Properties of Sound Absorption Composite Materials Developed Using Flax Fiber, Sphagnum Moss, Vermiculite, and Sapropel

Daira Sleinus  1 Maris Sinka  2 Aleksandrs Korjakins  3 Vaira Obuka  4 Vizma Nikolajeva  5 Raitis Brencis  6 Estere Savicka  7
Affiliations

Properties of Sound Absorption Composite Materials Developed Using Flax Fiber, Sphagnum Moss, Vermiculite, and Sapropel

Daira Sleinus et al. Materials (Basel). .

Abstract

To address the need to reduce consumption and pollution in the industrial sector, composite materials were created using a new type of raw materials-organic lake sediments (sapropel) as a binder; sphagnum moss, flax fiber, and vermiculite as a filler. The main application of these composite materials is for sound absorption and moisture buffering, but since they contain bio-based binders and fillers, they also work as carbon storage.
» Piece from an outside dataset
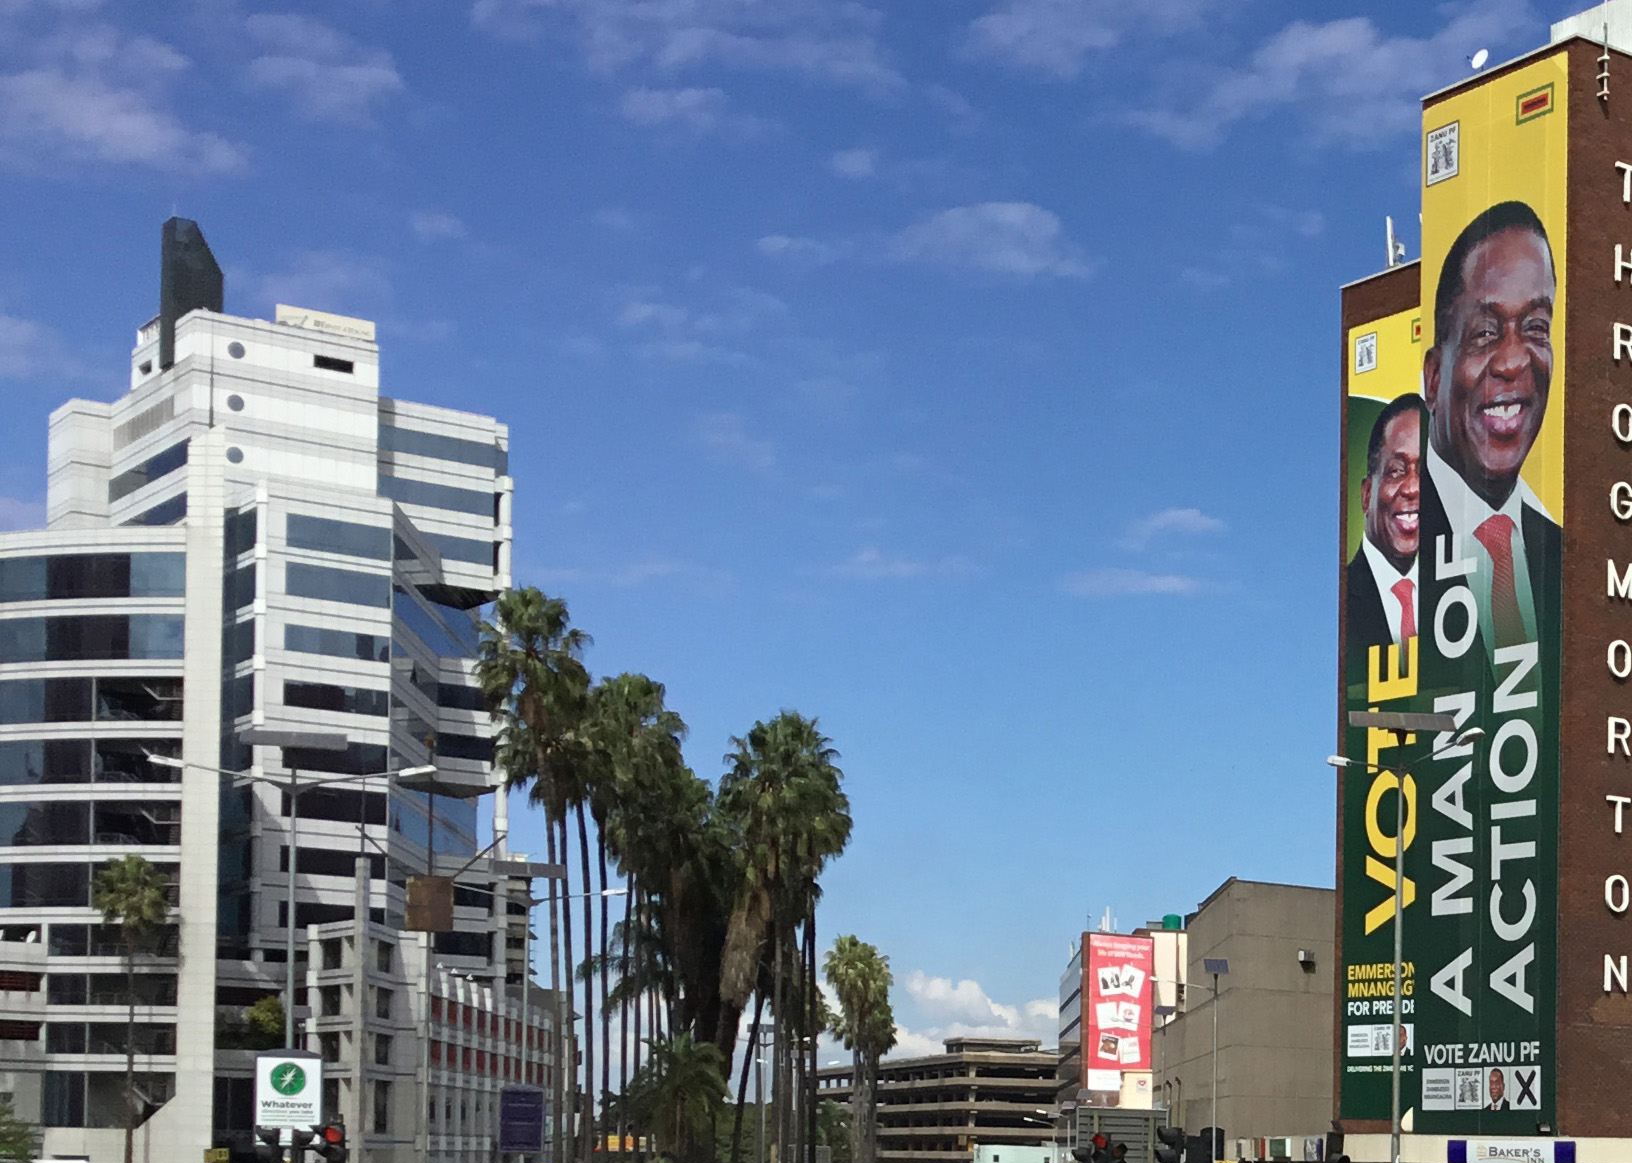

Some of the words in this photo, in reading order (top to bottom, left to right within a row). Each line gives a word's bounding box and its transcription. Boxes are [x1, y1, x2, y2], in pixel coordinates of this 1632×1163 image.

Within the framework of this work, a total of 100 samples of composite materials were created. Fungicides-a biocide quaternary ammonium compound and its natural substitute montmorillonite mineral material were also added to the materials to improve microbiological stability. The mechanical sound absorption and microbiological properties of materials were investigated and compared to similar environmentally friendly materials, such as hemp-lime concrete (FHL), hemp magnesium oxychloride composite (MOC), and hemp magnesium phosphate cement (MPC). The results showed that sound absorption and mechanical and microbial properties of the created composite materials are sufficient for their intended use, with flax fiber and vermiculite composites showing more stable mechanical, sound absorbing, and microbiological stability properties than materials containing flax fiber and moss.

Keywords: environmentally friendly composite materials; hemp; hemp concrete; hempcrete; microbiological stability; sapropel; sound absorption materials.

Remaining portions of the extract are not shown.